住宅ローンを検討している方なら、間違いなく悩ましい問題であろう消費税増税。
この10月1日には、ついに来年度から5%から8%へと引き上げることが正式に発表されました。

安倍政権が推し進めるアベノミクスについての賛否はさておき、
実際問題として、消費税増税が決定事項となってしまった今、
住宅購入についても、増税前のかけこみ需要というものが、
ある程度は予想されるところです。

一方、消費税増税と共に来年度から住宅ローン減税も拡充されることが決定していて、
この住宅ローン減税は、納税額が少ない場合には、恩恵が少なくなる仕組み。
つまり、年収の少ない人の場合には恩恵が少ない制度であるといえます。

住宅ローン減税という面でだけ考えれば、
増税後の住宅購入の場合は年収500万円以上の場合だけが、
価格の上昇分を減税で補えるという仕組みです。
住宅ローンは状況によって損得ははっきりします小額なローンキャッシングであれば
それほど深く考えず借入はしてもいいかもしれません。
しかし、高級車1台分変わってきてしまう可能性だってあるのでしっかりと
給付金をもらったほうがいいのか増税前が良いのかなど考えておいたほうが良いでしょう。

すまい給付金

そこでさらに「すまい給付金」という名称の、
低所得者に対しても増税後に有利となる制度が導入されるわけですね。
年収500万円以下だと、増税後の購入は住宅ローン減税だけでは負担増となってしまうのですが、
このすまい給付金の導入によって、年収400万円以下の場合は、
増税後の購入のほうがお得になる計算になります。

具体的な計算については、ここでは割愛しますが、
つまりは、増税前も増税後も、消費税という負担額に違いはあれど、
減税や給付金という制度によって、劇的な変化とはならないであろうという予想が立てられます。

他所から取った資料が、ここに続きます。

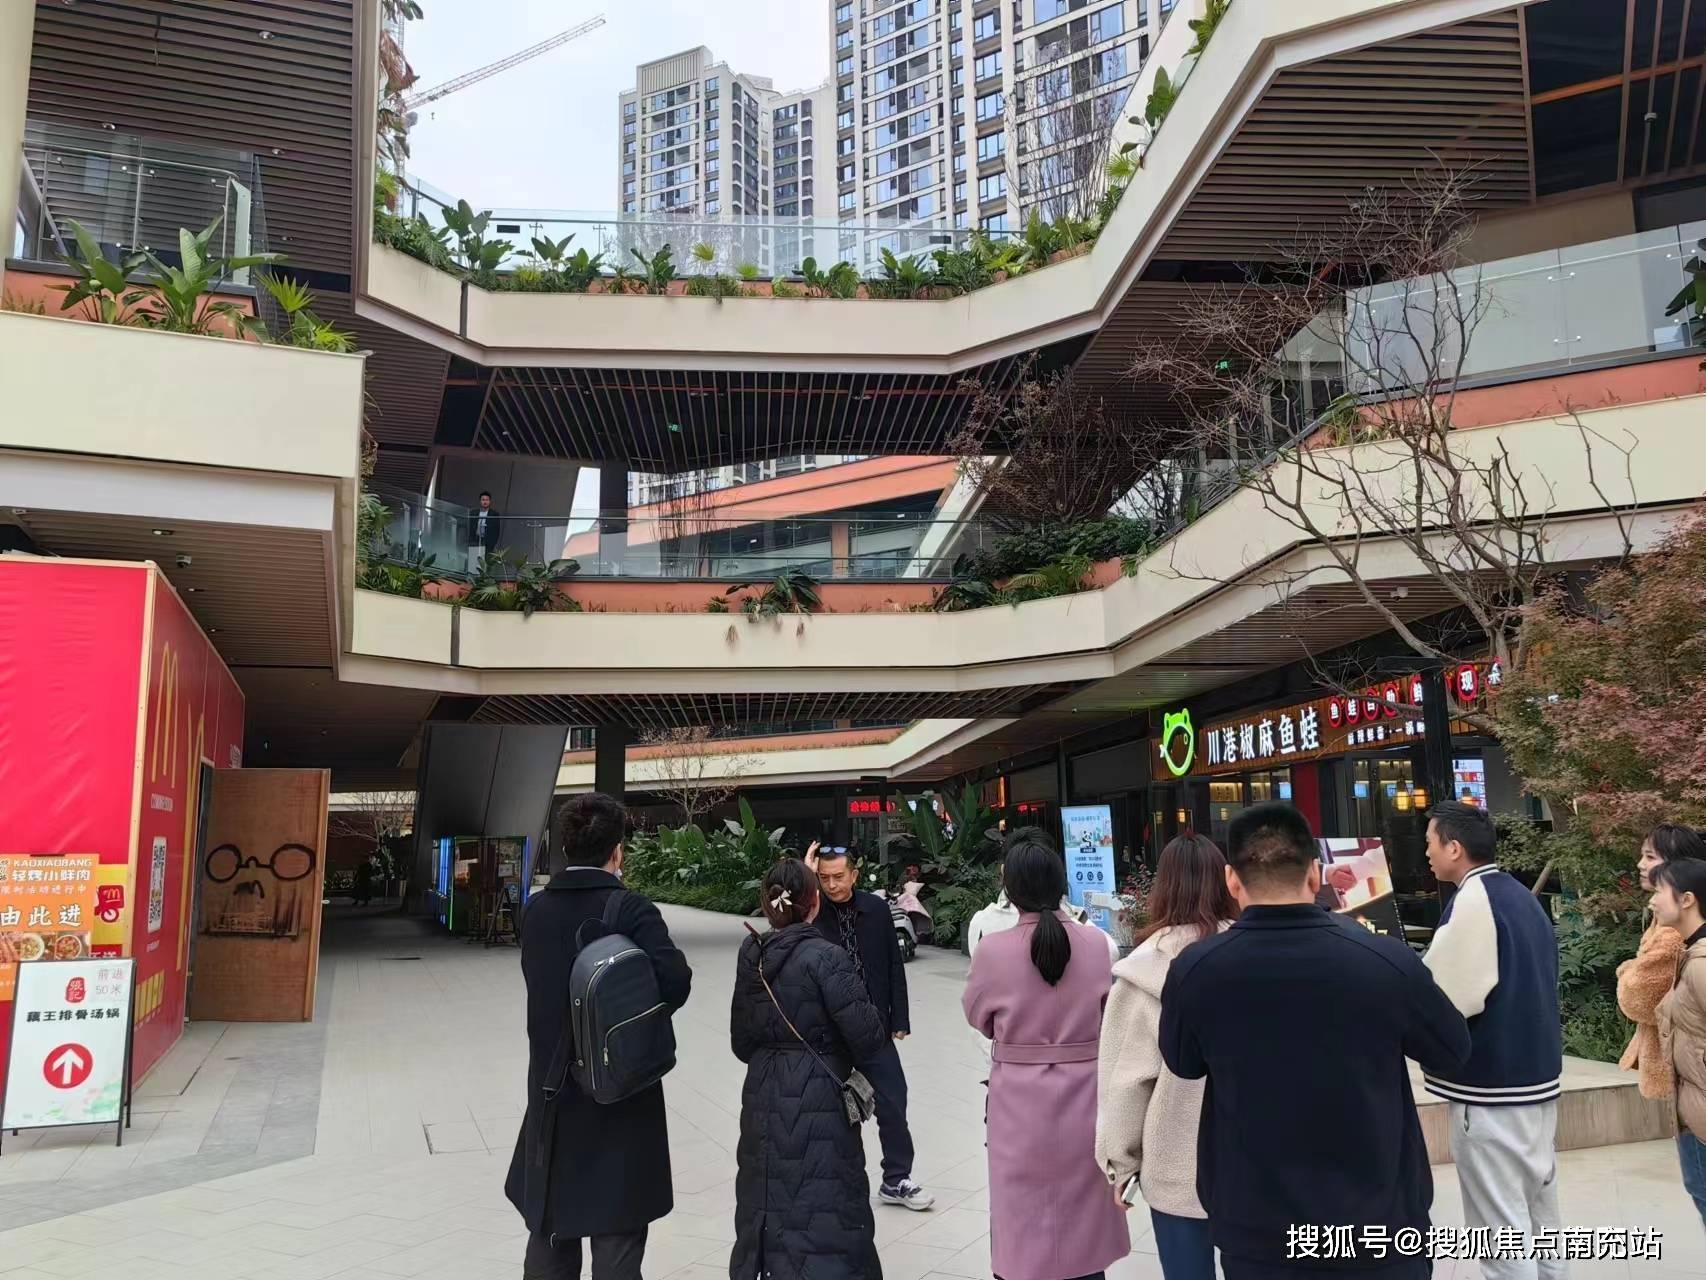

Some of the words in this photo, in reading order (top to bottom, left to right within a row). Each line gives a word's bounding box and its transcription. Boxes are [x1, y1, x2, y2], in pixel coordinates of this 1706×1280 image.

ただし、この減税と給付金の恩恵が最も少ないのが、年収500万円前後の場合になるようです。
年収が500万円の場合には、増税前のほうがお得になるということになります。
しかし、こういった制度については、自動車購入時の減税制度と同様に、
突然打ち切られてしまう可能性もないとは言い切れません。

これらの考え方は来年度の消費税8%の場合であって、
さらにその先の、消費税10%の場合にはいったいどういったことになるのでしょうか?
すまい給付金については、10%の場合には給付額はさらに増えるものの、
減税に関しては8%の場合と変更がない予定になっています。
そう考えると、10%へ増税される前には購入しておくほうが無難だともいえるかもしれません。

※追記 2014.6.12
8%への消費税増税から2ヶ月が経過しました。
普段の生活の中でも、ちょっとした買い物の時にもかかってくる消費税の感覚に
やっと慣れてきたかな?といった感があります。
予想どおり増税前には住宅ローンをはじめ、さまざまな分野での駆け込み需要があり、
3月の各業界の売上はかなり好成績であったようですが、その分増税後の反動も大きく
4月の景気動向は予想以上の冷え込みであったようですね。

家電業界などでは、駆け込み需要後の反動によって売れなくなった商品を
大幅値下げして販売していたという話も聞かれました。
果たしてこの消費増税、日本経済にどういった影響を及ぼしてゆくのでしょう?
個人的には、国民の痛みを伴ってまで増税をした意味は、
いったい何処にあるのか?疑問を拭いきれません・・・。